Como Creador y Hacedor de la historia, Dios va llegando a un ritmo que no logramos interpretar desde nuestros parámetros. Lo que es innegable y constante es su deseo de ser recibido en el corazón humano. Decía Teilhard de Chardin: “en una metafísica de la unión, es concebible que, supuesta la realización de la unidad divina inmanente, sea aún posible un grado de unificación absoluta” (2005, p. 149), y entendemos que nos habla del mismo andar de Dios en el tiempo humano, al interior de la eternidad de Dios. Nos habla de un momento de contacto divino con toda persona, pero que es algo que no podemos manipular. Al decir de Panikkar, la experiencia del encuentro entre el ser humano y Dios está al inicio de todo, “pero este inicio, pura existencia que no es consciente ni siquiera de ella misma, este inicio es silencio puro y pura nada [y se encuentra] por encima de cualquier juicio y de cualquier evaluación” (2008, p. 141). Por eso debemos partir de la seguridad de que Dios se manifiesta en el tiempo propicio en todo ser humano. “Sin esta convicción de que Dios, más allá de su presencia cósmica, se hace presente activamente en el mundo y la historia, la fe cristiana pierde su base” (Böttigheimer, 2013, p. 154).

La renovación del lenguaje en la catequesis

En todo acto humano hay un lenguaje que posibilita el intercambio de experiencias. La catequesis debe buscar renovar su lenguaje para lograr transmitir esta experiencia de Dios. Este lenguaje debe revelar el amor de Dios por cada ser humano y que ese amor es el que transforma. Es de suma importancia que cada catequista viva dentro de esa experiencia amorosa con Dios, en lo cotidiano. Los contenidos de la catequesis transmitirán algo si, previamente, se cuenta con esa experiencia de Dios. En esa experiencia es Dios mismo quien habla en nosotros y por eso es fundamental. Nos dice el Papa Francisco que “La comprensión de la fe es la que nace cuando recibimos el gran amor de Dios que nos transforma interiormente y nos da ojos nuevos para ver la realidad” (LF, #26) y, en esa misma realidad, como segundo paso, podemos buscar las condiciones para asegurar la continuidad de esa experiencia. El problema hoy está en que el lenguaje que utilizamos en general está dominado por la lógica de las ciencias y la tecnología que limita el alcance de la comprensión de la experiencia de Dios.

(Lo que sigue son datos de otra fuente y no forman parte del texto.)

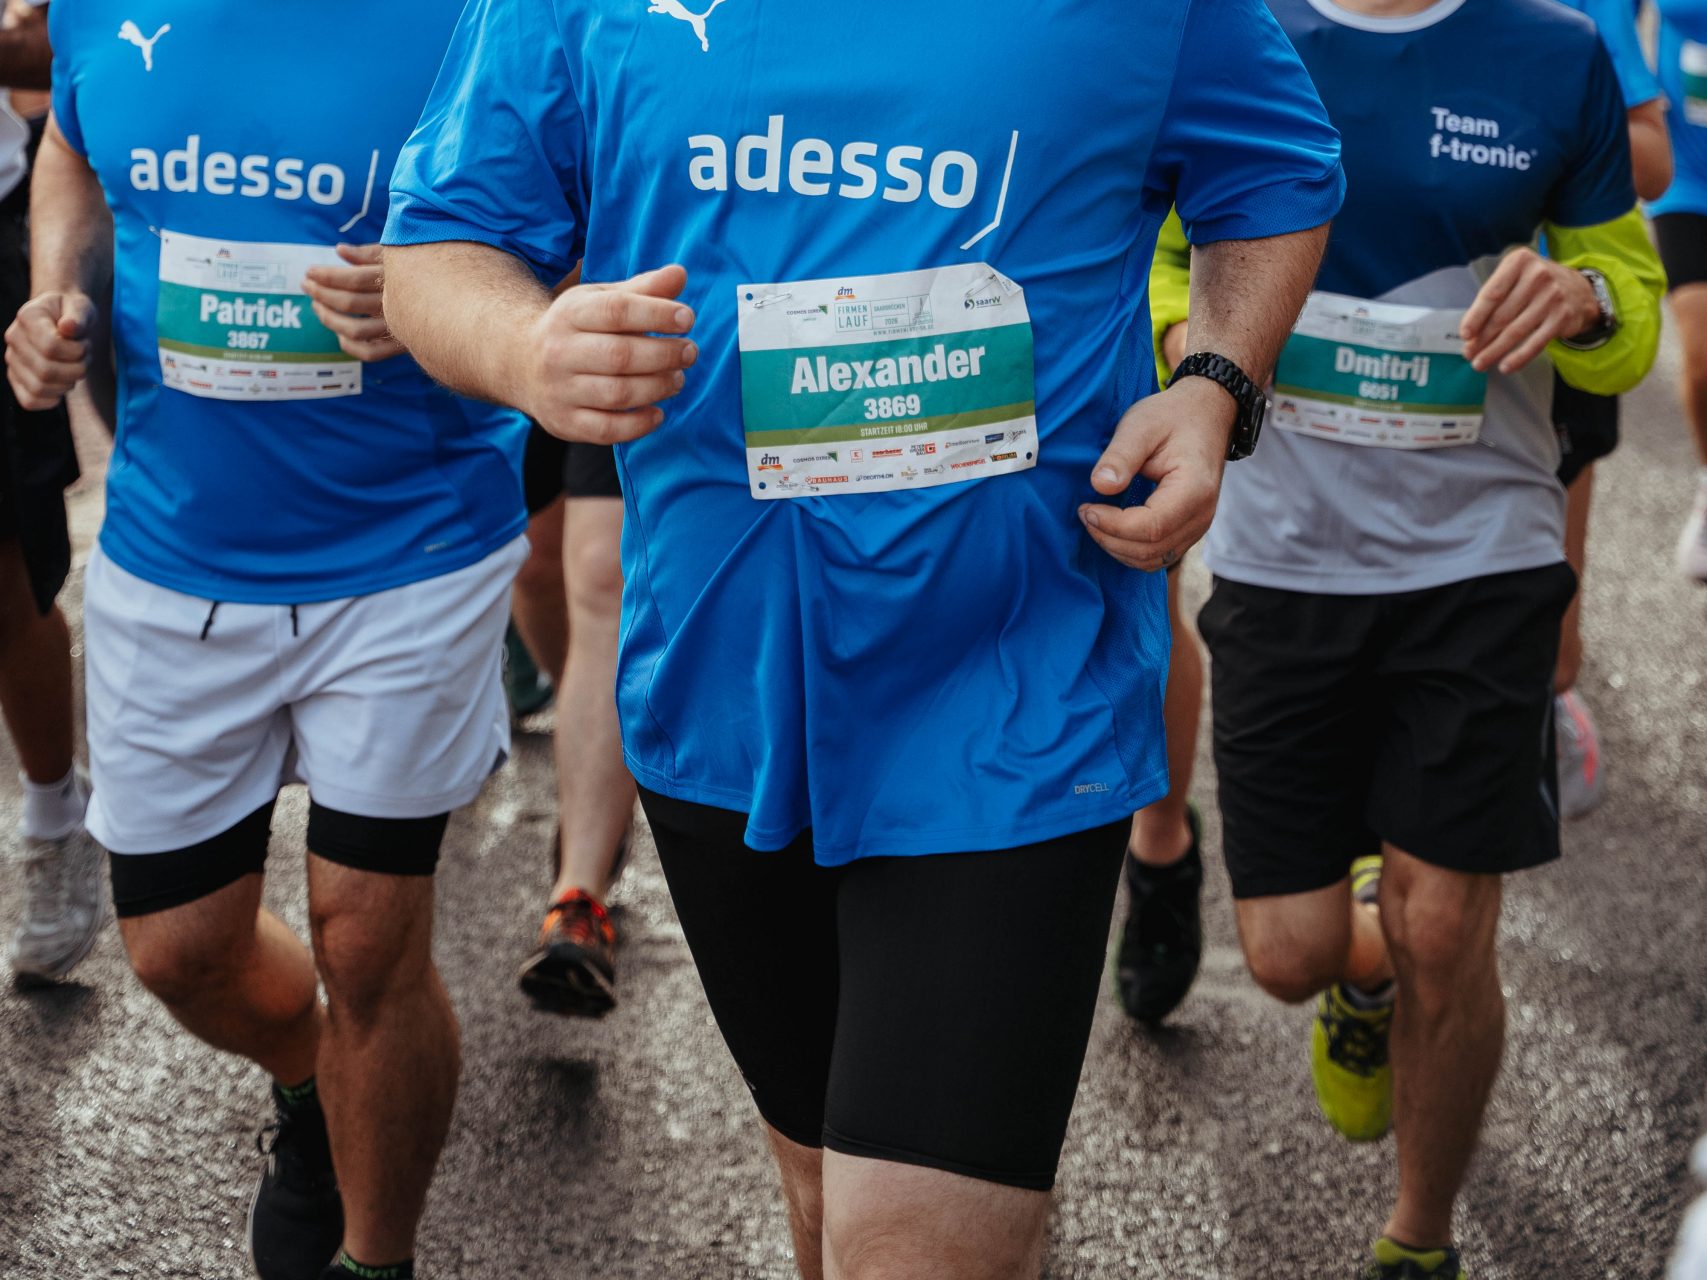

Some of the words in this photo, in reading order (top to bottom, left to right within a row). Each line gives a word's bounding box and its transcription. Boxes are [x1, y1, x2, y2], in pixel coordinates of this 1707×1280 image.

[1430, 106, 1499, 138] Team
[688, 114, 978, 209] adesso
[1429, 133, 1531, 171] f-tronic
[130, 134, 345, 205] adesso
[838, 287, 853, 296] dm
[200, 293, 302, 329] Patrick
[838, 304, 868, 314] FIRMEN
[838, 315, 868, 328] LAUF
[227, 330, 270, 349] 3867
[790, 344, 985, 394] Alexander
[1334, 346, 1430, 387] Dmitrij
[864, 393, 921, 420] 3869
[860, 425, 894, 437] STARTZEIT
[914, 422, 928, 432] UHR
[760, 453, 780, 465] dm
[1074, 783, 1109, 795] DRYCELL
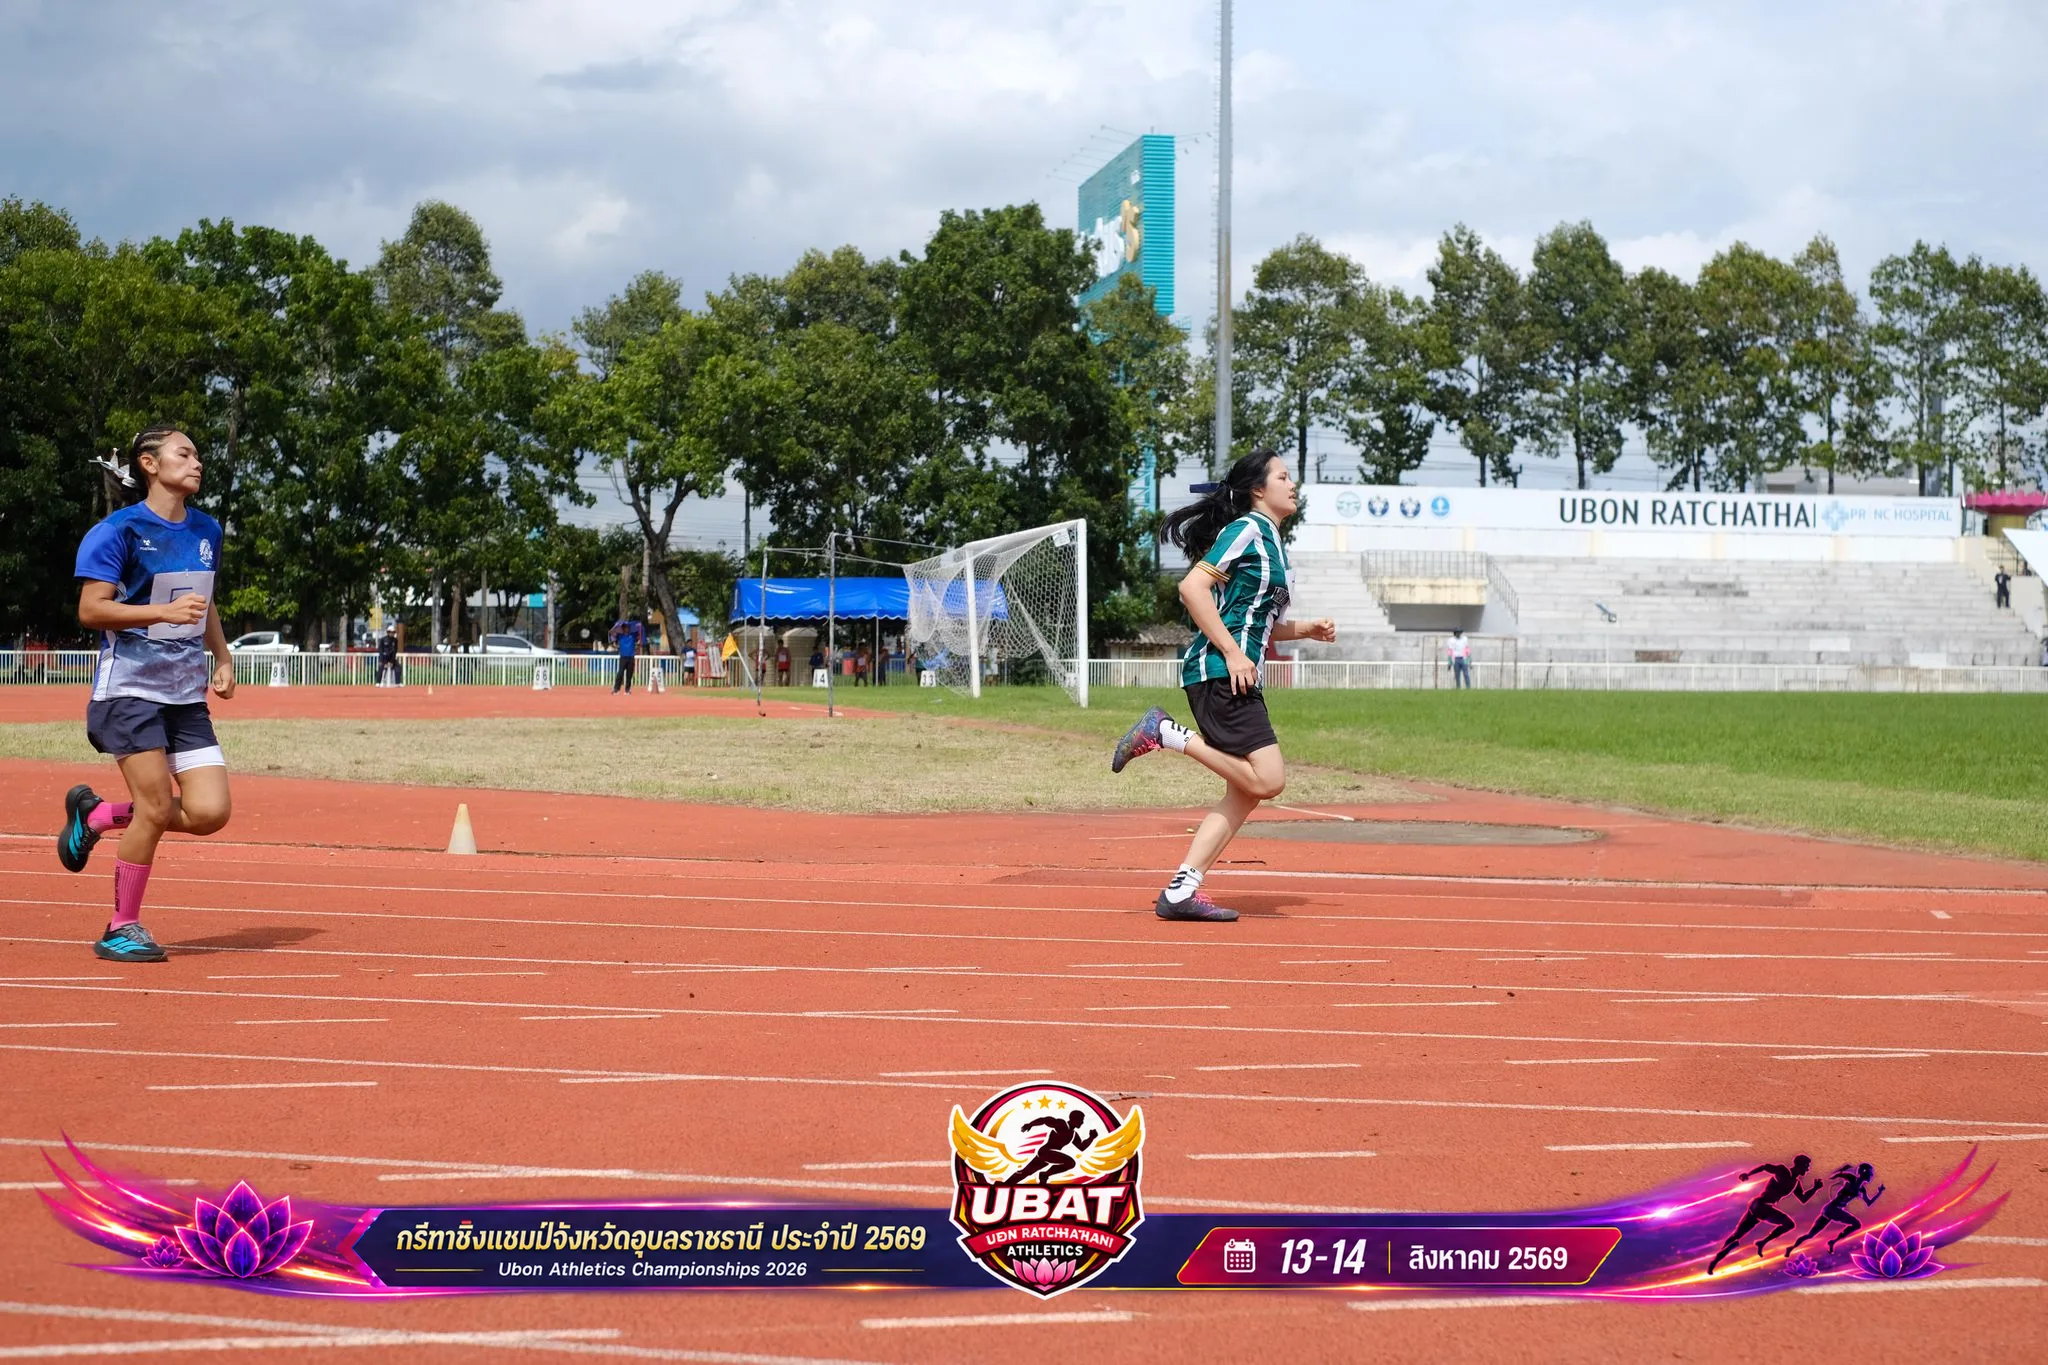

Intentemos comprender que el amor solo es posible entre personas, y la fe como experiencia de amor se da entonces entre la persona de Jesús resucitado y la persona humana. De ahí que el lenguaje propio es el del amor interpersonal. Cuando Jesús se dirigía a sus semejantes y les decía “sígueme” (Cfr. Mt 9:9) se daba entonces un trascender del Padre a través de su Hijo para hacer llegar su Palabra al corazón de las personas. En ello “la Palabra entra en las palabras, el eterno acontecimiento del amor se asoma en los humildes acontecimientos del amor humano: la exterioridad de los gestos y de la voz se llena por dentro de la interioridad del misterio divino” (Forte, 2000, p. 255). Y si quien recibe esa palabra tiene una cierta apertura no podrá resistir tal llamada. Pero siempre que tenga ese matiz de la interpersonalidad. Muchas veces nuestro anuncio recae en la utilización de un vocabulario impersonal: “Dios te ama”, es verdad, pero ¿acaso no debemos amar nosotros también de forma personal? Si nos preguntan por qué, sabremos decir que es porque Dios nos ama y nos enseña amar a su manera. El seguidor de Jesús es alguien que ha sido cautivado por el amor de su Persona y no podrá amar de otra manera, siempre y cuando haya sido alcanzado y transformado por ese amor.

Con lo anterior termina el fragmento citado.